Original research

Inhaler technique in patients attending an urban pulmonology practice

J A Vanderwagen, C Smith


Objective. To evaluate the use of inhaler therapy, primarily focusing on the source of the initial inhaler training and the effects of regular monitoring of inhaler use.

Methods. We conducted a prospective study of 200 adult patients using either a metered dose inhaler (MDI) or dry powder inhaler (DPI), attending a private pulmonology practice for the treatment of asthma, chronic obstructive pulmonary disease (COPD) or asthma-COPD overlap. Each patient was evaluated once, and assessed by the investigators irrespective of the patient’s background and inhaler technique training.

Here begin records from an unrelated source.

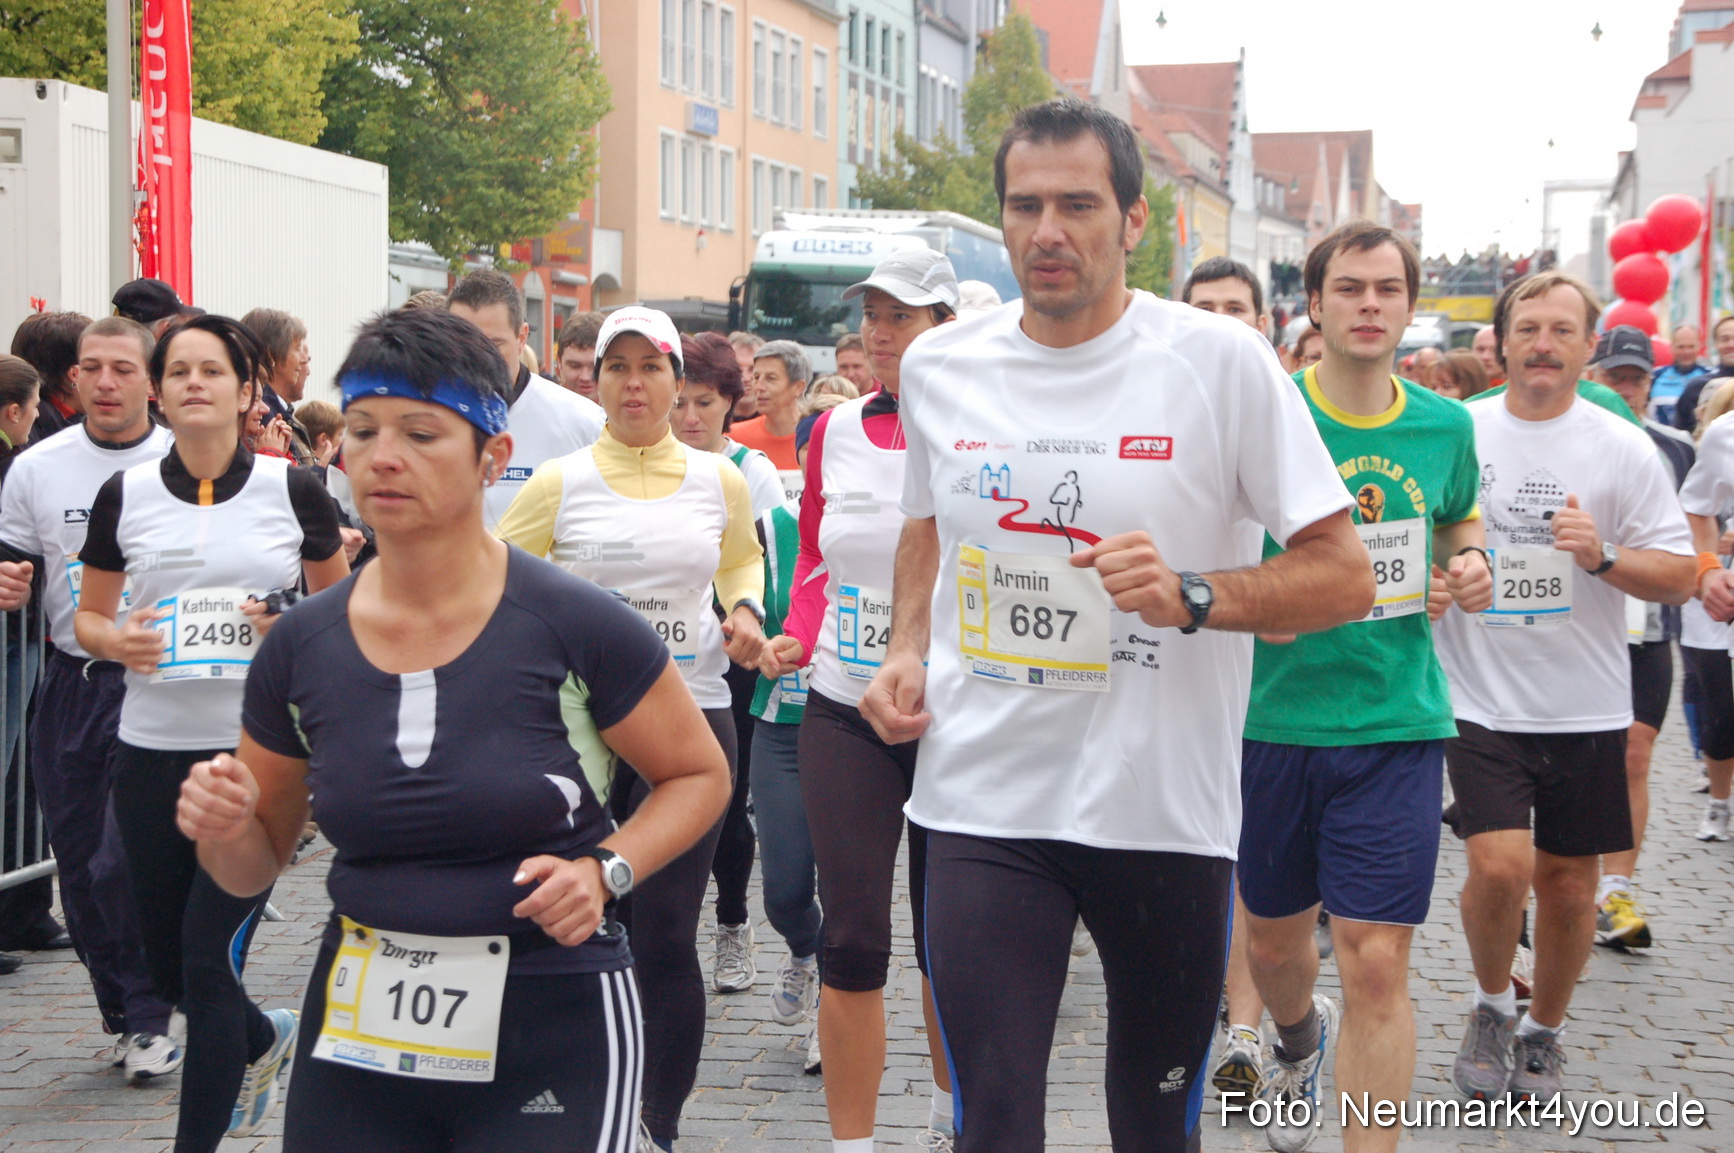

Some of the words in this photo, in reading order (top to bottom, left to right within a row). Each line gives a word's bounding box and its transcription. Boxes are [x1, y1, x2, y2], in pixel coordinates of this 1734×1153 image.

[793, 239, 872, 254] BOCK
[1337, 456, 1404, 481] WORLD
[1402, 477, 1426, 515] CUP
[1493, 523, 1551, 534] Neumarkt
[1501, 556, 1526, 569] Uwe
[994, 564, 1049, 592] Armin
[1503, 577, 1562, 599] 2058
[182, 598, 233, 615] Kathrin
[649, 621, 686, 643] 96
[1010, 604, 1078, 642] 687
[184, 622, 253, 647] 2498
[973, 660, 1007, 675] BOCK
[1045, 669, 1107, 683] PFLEIDERER
[388, 980, 468, 1028] 107
[419, 1054, 490, 1072] PFLEIDERER
[521, 1104, 564, 1113] adidas
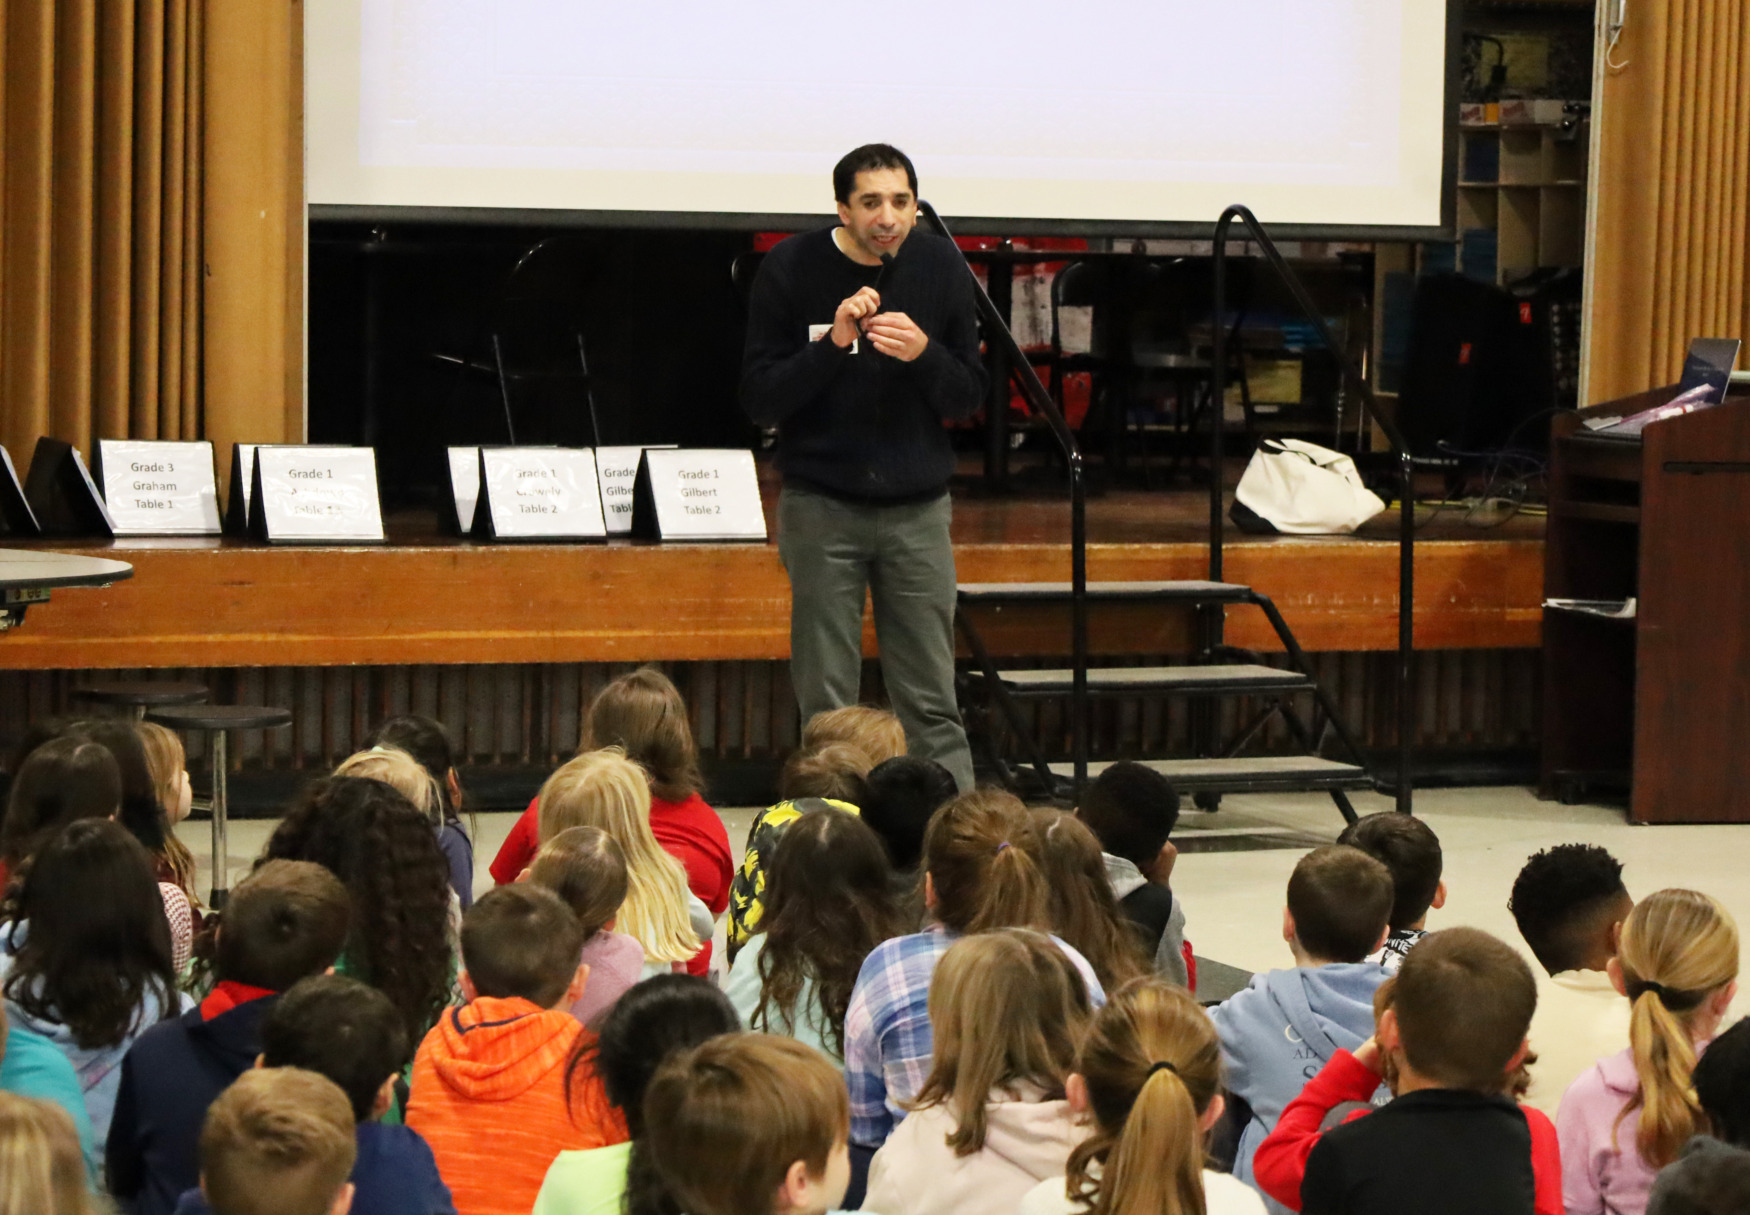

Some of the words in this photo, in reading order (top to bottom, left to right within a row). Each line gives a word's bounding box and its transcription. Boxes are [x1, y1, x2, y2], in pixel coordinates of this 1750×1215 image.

[130, 462, 164, 472] Grade
[167, 463, 174, 472] 3
[288, 469, 323, 479] Grade
[327, 469, 333, 479] 1
[551, 468, 557, 478] 1
[604, 467, 635, 478] Grade
[678, 469, 710, 479] Grade
[713, 469, 719, 479] 1
[133, 481, 177, 491] Graham
[606, 486, 633, 496] Gilbe
[681, 487, 717, 497] Gilbert
[134, 499, 164, 509] Table
[167, 499, 173, 509] 1
[519, 504, 548, 514] Table
[551, 504, 558, 514] 2
[609, 504, 632, 513] Tabl
[684, 505, 712, 515] Table
[715, 505, 721, 515] 2
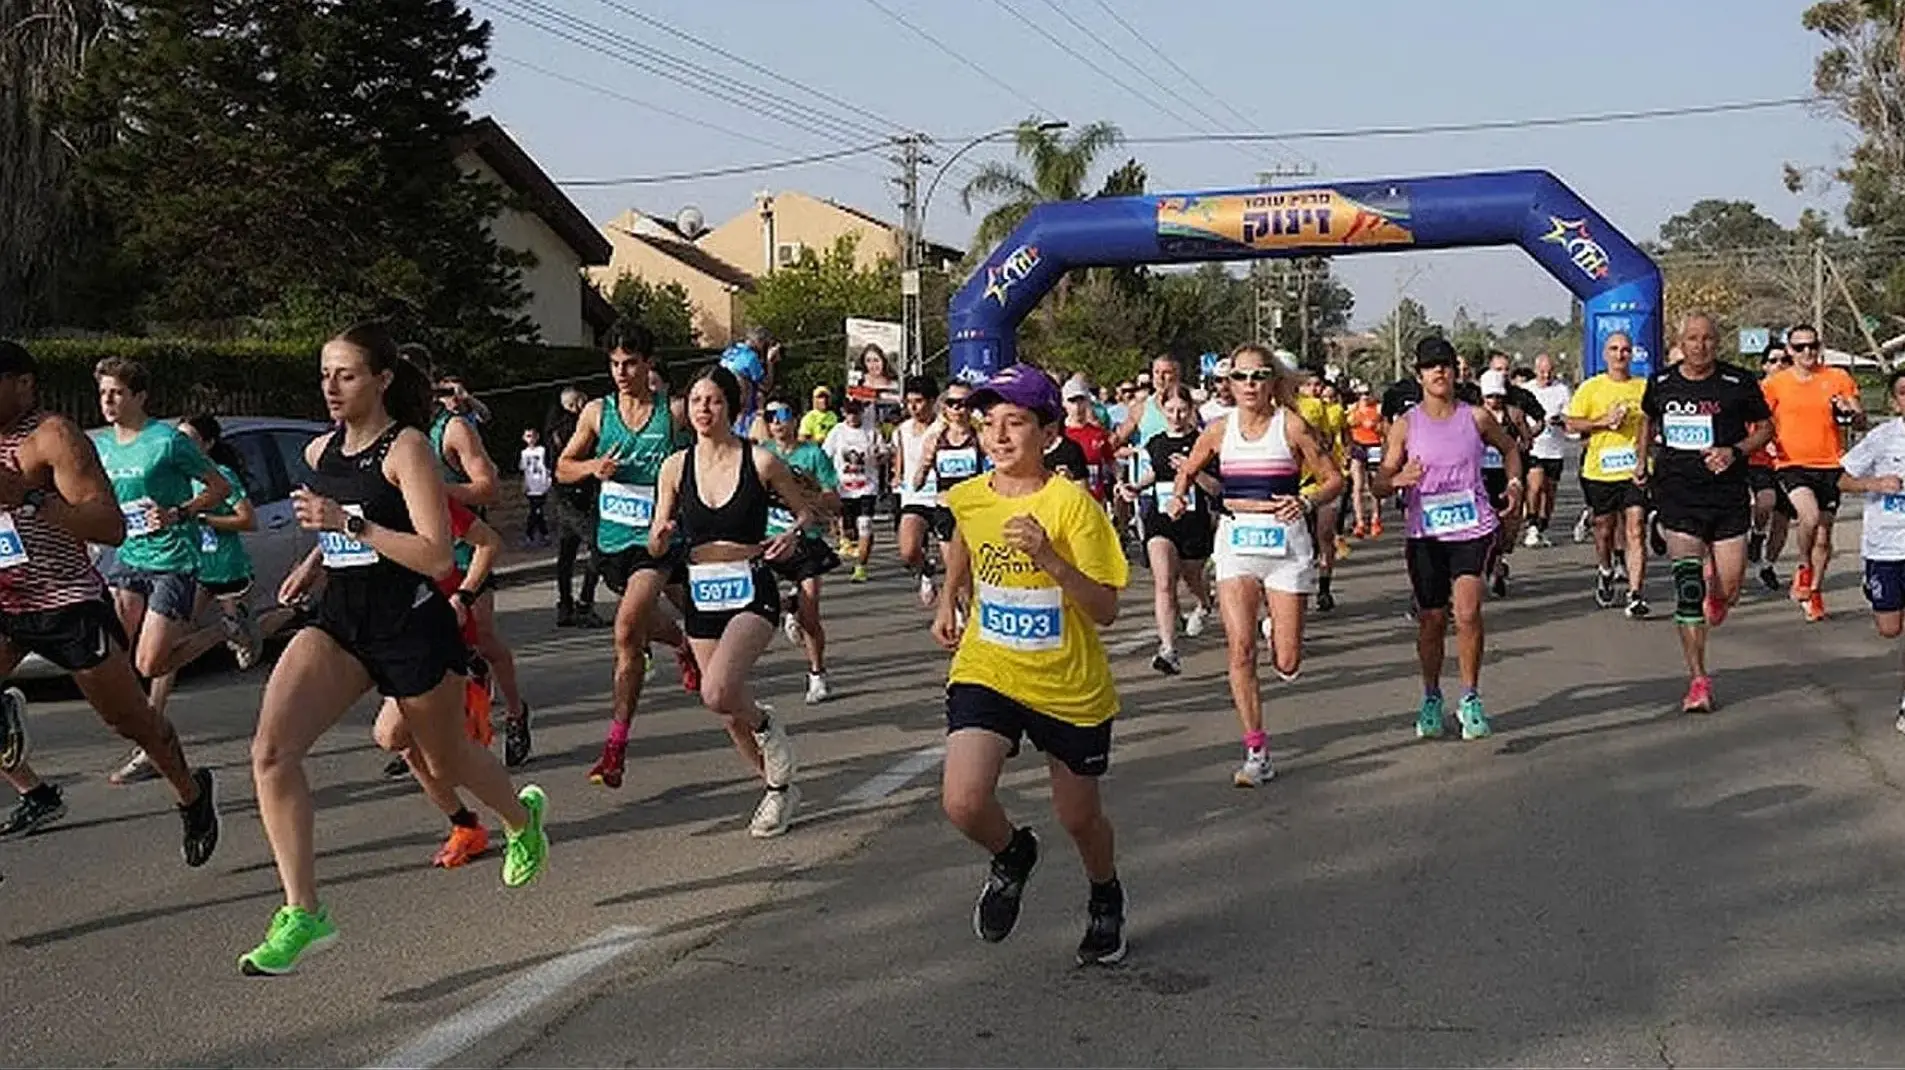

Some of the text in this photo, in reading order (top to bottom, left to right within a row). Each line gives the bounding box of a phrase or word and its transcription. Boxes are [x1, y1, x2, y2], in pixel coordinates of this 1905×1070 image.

[1243, 208, 1331, 243] זינוק
[699, 580, 744, 601] 5077
[987, 606, 1051, 637] 5093
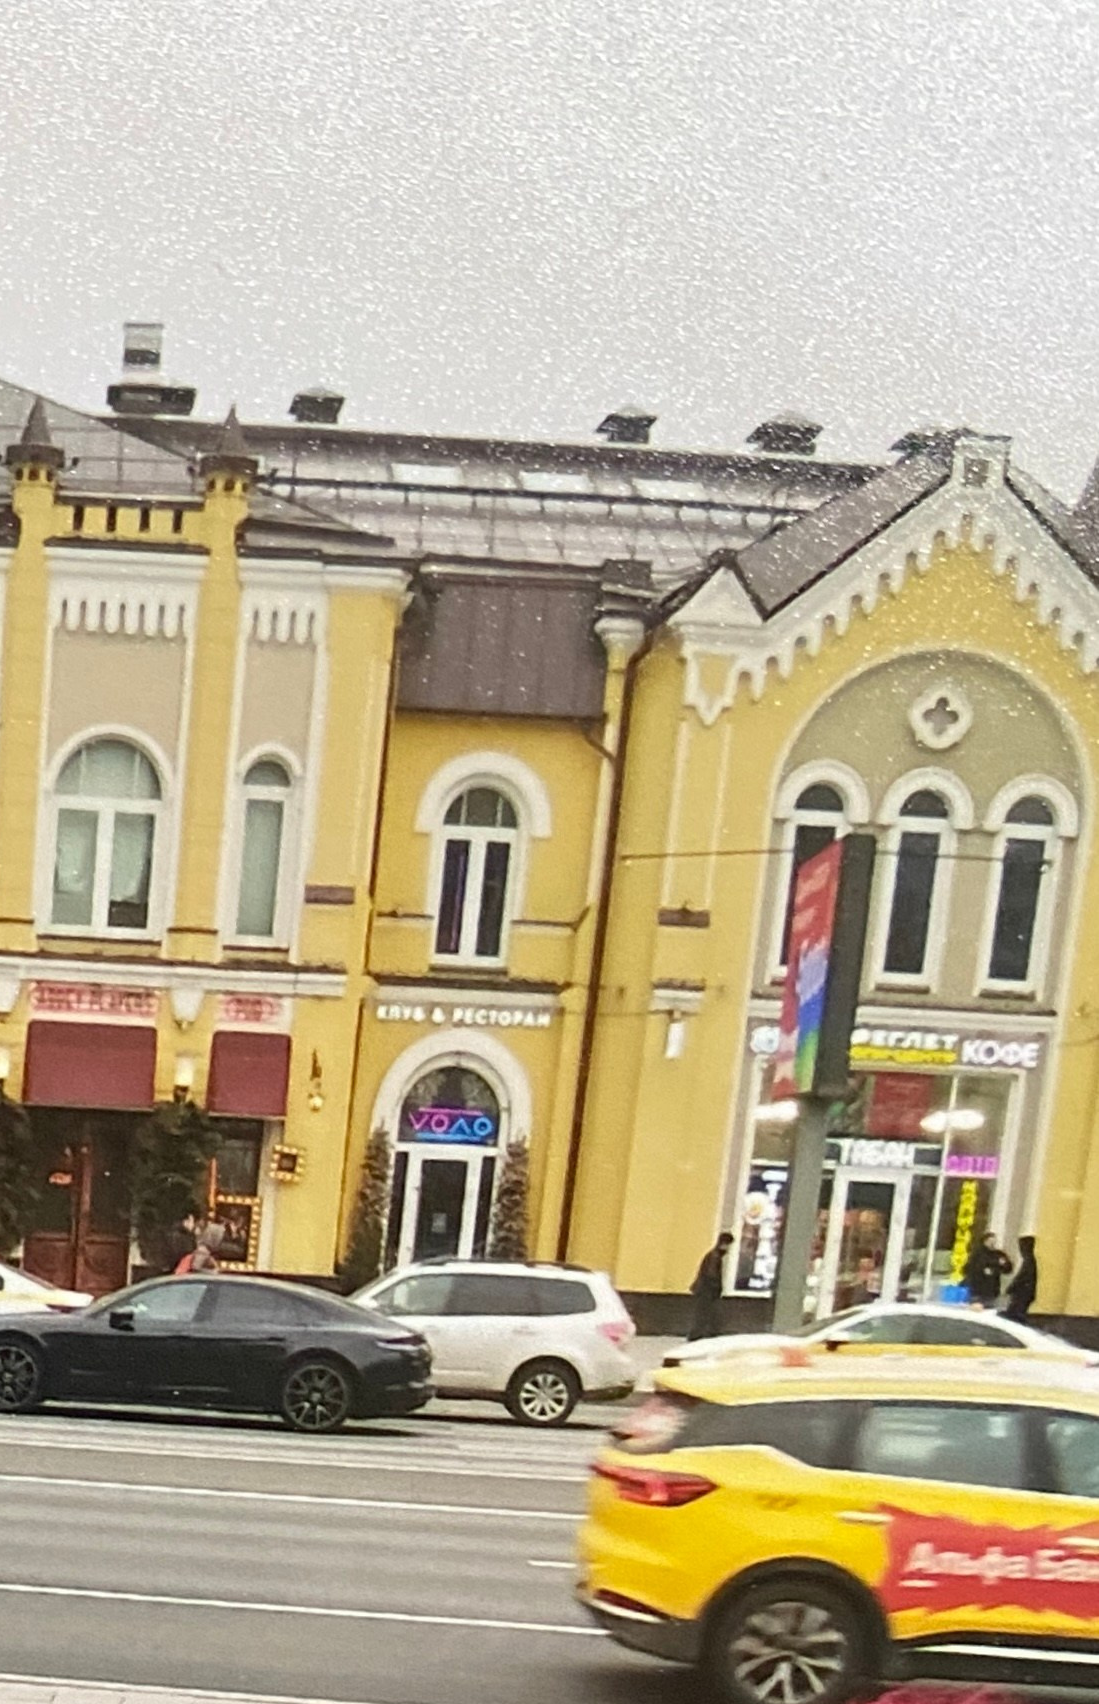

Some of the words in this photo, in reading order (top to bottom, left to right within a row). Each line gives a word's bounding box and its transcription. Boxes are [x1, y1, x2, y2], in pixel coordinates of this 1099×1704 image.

[452, 1006, 551, 1029] РЕСТОРАН
[961, 1038, 1040, 1068] КОФЕ
[902, 1542, 1030, 1586] Альфа

Results. The MDI and DPI techniques were found to be 45% and 79% adequate, respectively (p<0.001). Patients who had initial training in a specialist or pulmonology practice showed 100% adequacy. In stark contrast, inadequate technique was observed where initial MDI training was performed by family members, general practitioners, hospital staff, pharmacy staff and self (p<0.05). Similarly, inadequate technique was seen in the DPI group when taught by family members, general practitioners, hospital staff and pharmacy staff (p<0.001). The Accuhaler was used by 59% of the patients using a DPI; 41% used the Turbuhaler. The percentage of inadequate inhaler technique in the Accuhaler was 28%, while the percentage of inadequate inhaler use in the  urbuhaler group was lower at 10% (p<0.001).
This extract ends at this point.